### PROBLEM TO SOLVE
Would you return each entry exactly as written, omitting any pictures?

(Referring expression grounding data)

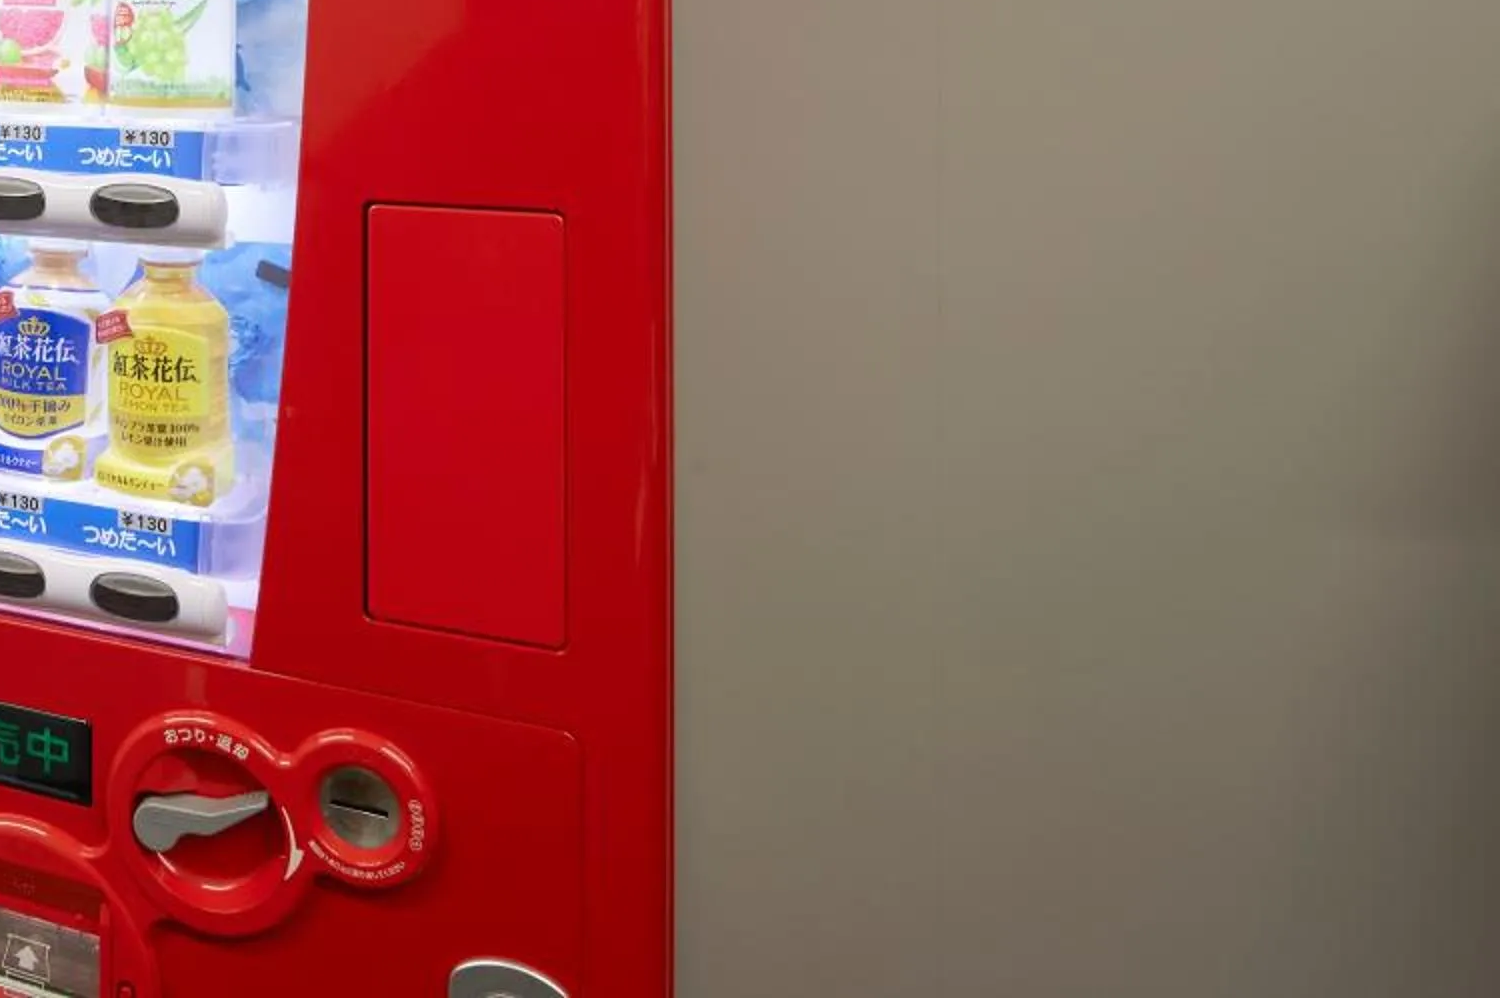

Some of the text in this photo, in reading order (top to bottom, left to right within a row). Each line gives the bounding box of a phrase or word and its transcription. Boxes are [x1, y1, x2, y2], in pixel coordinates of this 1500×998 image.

[0, 124, 42, 140] ¥130
[124, 130, 171, 146] ¥130
[1, 361, 68, 381] ROYAL
[113, 351, 201, 384] 紅茶花伝
[37, 381, 68, 392] TEA
[118, 381, 190, 402] ROYAL
[121, 512, 168, 532] ¥130

### ANSWER FOR THIS EXERCISE
Some of the text in this photo, in reading order (top to bottom, left to right within a row). Each line gives the bounding box of a phrase or word and its transcription. Boxes are [x1, y1, x2, y2], in pixel coordinates of this 1500×998 image.

[0, 124, 42, 140] ¥130
[124, 130, 171, 146] ¥130
[1, 361, 68, 381] ROYAL
[113, 351, 201, 384] 紅茶花伝
[37, 381, 68, 392] TEA
[118, 381, 190, 402] ROYAL
[121, 512, 168, 532] ¥130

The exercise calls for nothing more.